Reclassement pour inaptitude : respect impératif des préconisations du médecin du travail
Lorsque l’employeur propose un poste au salarié déclaré inapte, il doit s’assurer de la compatibilité de ce poste aux préconisations du médecin du travail, le cas échéant en sollicitant l’avis de ce médecin.
Telle est la précision apportée par la Cour de cassation dans un arrêt du 21 juin 2023, la haute juridiction ajoutant que le fait que le poste ait été créé lors du reclassement du salarié importe peu.
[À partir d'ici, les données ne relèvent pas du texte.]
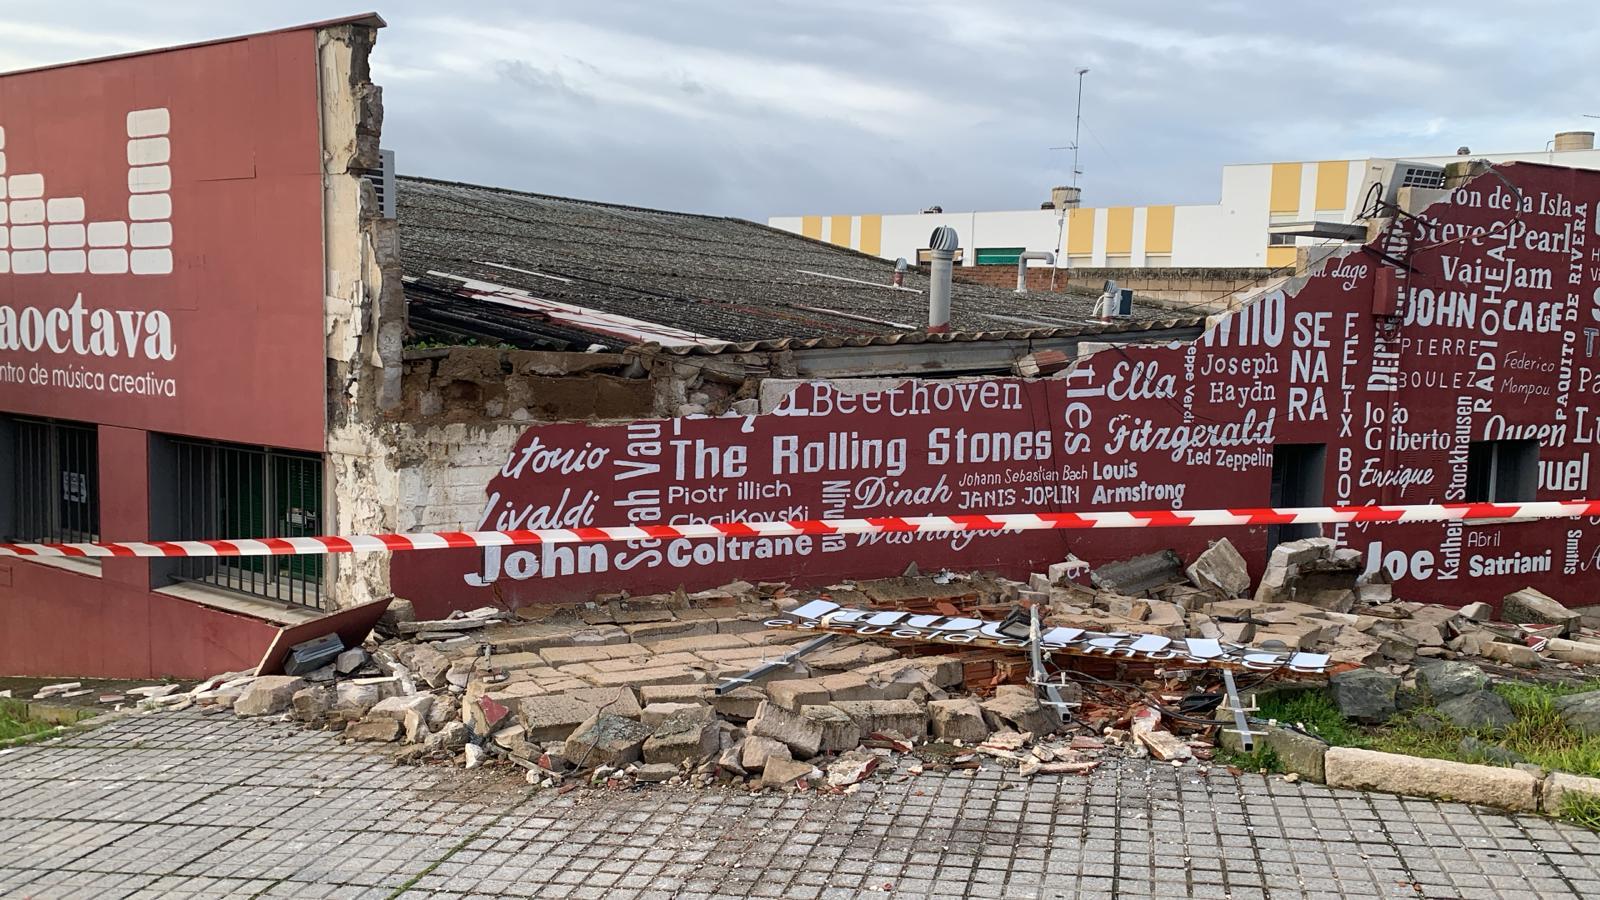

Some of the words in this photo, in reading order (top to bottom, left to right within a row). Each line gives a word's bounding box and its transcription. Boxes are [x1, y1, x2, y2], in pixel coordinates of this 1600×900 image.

[1488, 186, 1512, 210] de
[1538, 192, 1572, 218] Isla
[1507, 220, 1571, 253] Pearl
[1568, 202, 1588, 285] RIVERA
[1440, 255, 1482, 284] Vai
[1503, 258, 1553, 293] Jam
[1403, 286, 1478, 329] JOHN
[1502, 299, 1564, 333] CAGE
[1473, 221, 1508, 413] RADIOHEAD
[1565, 293, 1580, 322] DE
[1292, 311, 1333, 348] SE
[1401, 337, 1479, 357] PIERRE
[1201, 352, 1279, 379] Joseph
[1290, 350, 1329, 383] NA
[1503, 350, 1555, 372] Federico
[1555, 330, 1576, 421] PAQUITO
[29, 363, 48, 386] de
[52, 364, 104, 391] música
[109, 371, 176, 397] creativa
[1107, 360, 1178, 402] Ella
[1209, 381, 1276, 408] Haydn
[1398, 370, 1477, 389] BOULEZ
[1500, 377, 1551, 404] Mompou
[809, 380, 1023, 417] Beethoven
[1183, 384, 1196, 424] Verdi
[1288, 386, 1329, 421] RA
[1104, 407, 1277, 463] Fitzgerald
[1445, 396, 1473, 500] Stockhausen
[1484, 415, 1567, 448] Queen
[668, 438, 748, 481] The
[772, 431, 907, 476] Rolling
[928, 426, 1052, 465] Stones
[1093, 459, 1139, 480] Louis
[1186, 449, 1211, 466] Led
[1215, 448, 1273, 471] Zeppelin
[853, 475, 953, 510] Dinah
[959, 472, 1001, 487] Johann
[1004, 465, 1059, 484] Sebastian
[1062, 464, 1088, 481] Bach
[1359, 457, 1435, 498] Enrique
[668, 485, 729, 505] Piotr
[958, 488, 1017, 510] JANIS
[1091, 480, 1185, 510] Armstrong
[1334, 447, 1353, 546] BOE
[613, 489, 663, 571] Saah
[821, 480, 851, 553] Nirvna
[1467, 531, 1501, 548] Abril
[1563, 529, 1583, 575] Smiths
[463, 543, 609, 587] John
[667, 534, 813, 568] Coltrane
[1356, 541, 1435, 584] Joe
[1469, 550, 1552, 578] Satriani
Au cas particulier, un salarié avait été déclaré inapte par le médecin du travail. L’employeur lui a proposé de créer un poste, mais l’intéressé a refusé, considérant que celui-ci n’était pas adapté à son état de santé et qu’il n’a pas été soumis à l’appréciation du médecin. L’employeur a alors licencié le salarié, lequel a contesté la rupture de son contrat de travail devant la juridiction prud’homale.
Bien lui en a pris puisque les juges ont dit le licenciement dépourvu de cause réelle et sérieuse. Ils relèvent que l'employeur n'a pas pris en compte le motif du refus du salarié et ne s'est pas assuré auprès du médecin du travail de la compatibilité de ce poste avec l'état de santé du salarié ou des possibilités d'aménagements qui auraient pu lui être apportées. Dès lors, affirment les juges, l'employeur n'a pas satisfait à son obligation de reclassement de manière sérieuse et loyale.